Sul rinnovo di Mertens:

“Sono contento, ma la mia testa ora pensa solo alla Fiorentina e poi per ora è solo una notizia di concordo, anche se sono soddisfatto”.

Sulla presenza di Allan

“E’ sicuramente in dubbio, un affaticamento muscolare, anche se non è grave. Non ci sarebbero rischi enormi, ma lo valuteremo domattina. Per noi in alcune partite è una soluzione straordinaria, come nel primo tempo dell’ultima gara, ma abbiamo alternative per farne a meno”.

Sulla perfezione con la gara di Torino

“Penso alla Fiorentina, non riesco a pensare alla soddisfazione di quella precedente. E’ un difetto, ma forse anche un pregio. Spero che la squadra abbia lo stesso atteggiameno mio, altrimenti rischiamo di non finire all’altezza del campionato”. 

Sulla crescita della difesa

Da sempre si dice che fa acqua, abbiamo preso 3-4 gol in più dell’anno scorso in un campionato dove si segna di più, ma è la terza d’Italia, poi resta il rammarico per qualche errore che ci è costato qualcosa, ma come tiri subiti è poco dopo la Juventus ad una trentina di tiri, non tantissimi. Qualche errore madornale si può limare, non annullare, ma è un reparto in crescita e sono giocatori che hanno la mia completa fiducia”. 

Sul terzo posto

L’ho detto perchè ci porta ad un preliminare. Ci deve dare una base, una inerzia, magari qualcuno lo criticherà ma erano gli stessi che ci mettevano quinti nella griglia di inizio anno”.

Sul sogno Scudetto nonostante la differenza di fatturato:

“Deve riguardare noi, non la stampa, voi dovete raccontare le cose come stanno, ma non succede quasi mai.
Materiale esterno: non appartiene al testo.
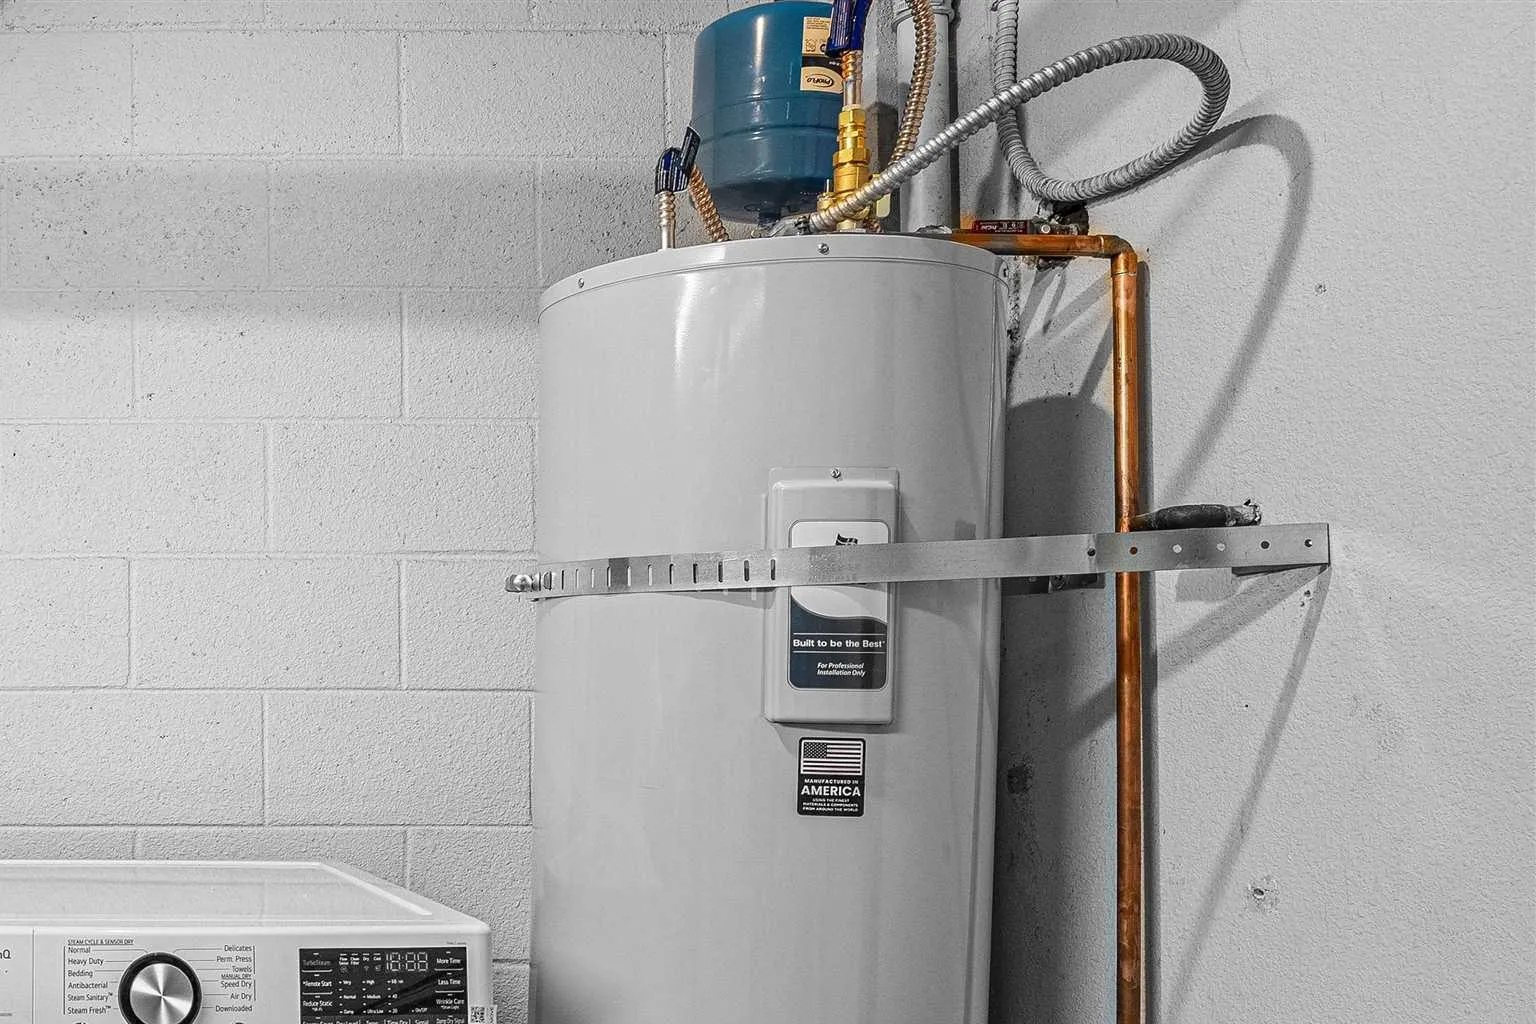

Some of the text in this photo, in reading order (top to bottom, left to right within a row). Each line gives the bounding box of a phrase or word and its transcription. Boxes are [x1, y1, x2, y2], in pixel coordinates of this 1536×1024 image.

[793, 639, 814, 647] Built
[801, 785, 861, 796] AMERICA
[68, 958, 104, 966] Heavy Duty
[68, 970, 93, 978] Bedding
[68, 981, 108, 989] Antibacterial
[221, 981, 252, 989] Speed Dry
[240, 993, 252, 1001] Dry
Non c’è equilibrio e non si raccontano le cose come stanno, ma forse è per vendere i giornali. Le eccezioni si ricordano, si parla del Leicester perchè infatti non succedono mai, quindi dovreste parlarne tutti i giorni e non far passare come idee particolari mie. Poi per noi il sogno c’è, si lavora meglio, ma resta nostro”.

Sul gruppo

Il gruppo è sano, con dei valori, crede in quello che gli presento. Io sono sempre lo stesso, quello che allenava in C, con gli stessi difetti, mi incazzo, a volte uso un linguaggio che non dovrei usare, a volte ho avuto problemi con il gruppo, ora no quindi il merito è loro”.
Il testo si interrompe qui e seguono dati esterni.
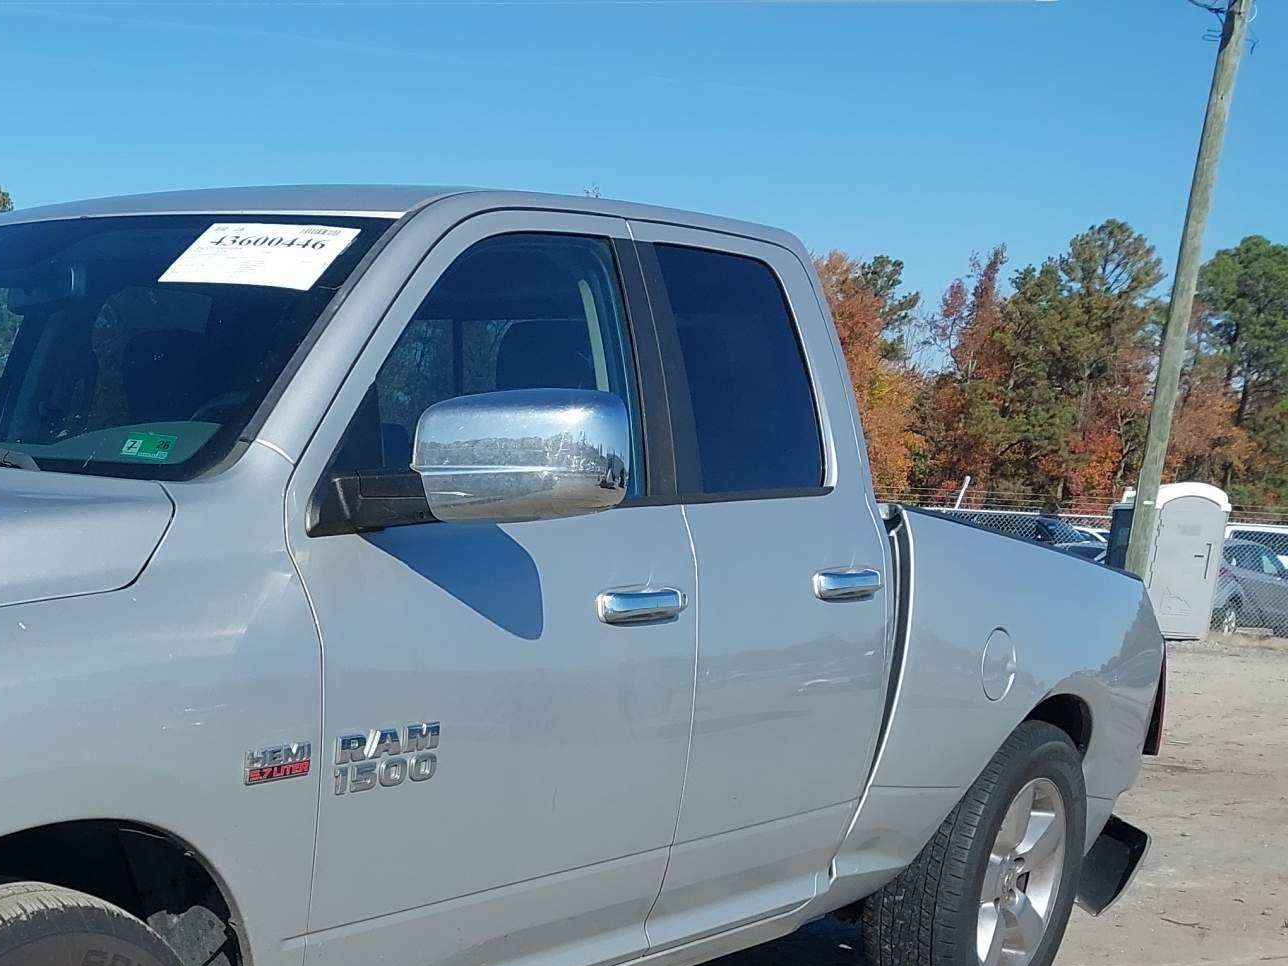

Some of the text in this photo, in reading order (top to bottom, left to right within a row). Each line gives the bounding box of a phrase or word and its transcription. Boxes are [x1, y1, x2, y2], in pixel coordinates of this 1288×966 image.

[210, 235, 327, 250] 43600446
[245, 743, 311, 768] HEMI
[334, 721, 440, 765] RAM
[334, 752, 438, 796] 1500
Sulle parole di Ancelotti e il fatturato

E’ evidente, chi ha più soldi compra la macchina più lussuosa, è normale, per fortuna non matematico, ogni tanto ci sono delle storie che sfuggono a questa dinamica, ma sono storie che si ricordano perchè sono rare. E’ così banale, chi fattura 1miliardo compra giocatori da 200mln, chi fattura 200 compra da 30mln, il giocatore da 200 è superiore a quello da 30, non sempre, ma è così”.

Sul bel gioco

Giochiamo un calcio piacevole, ma l’obiettivo è vincere le partite, dobbiamo unire il possesso al risultato, ci stiamo riuscendo con continuità, crediamo in questa filosofia. Qui in Italia si pensa che per vincere bisogna giocare male, ma non è vero, nella storia hanno vinto tutte le filosofie. La nostra filosofia deve tirar fuori le nostre potenzialità, poi se non corrisponde al primo posto pazienza, ma ci tira fuori il nostro 100%”.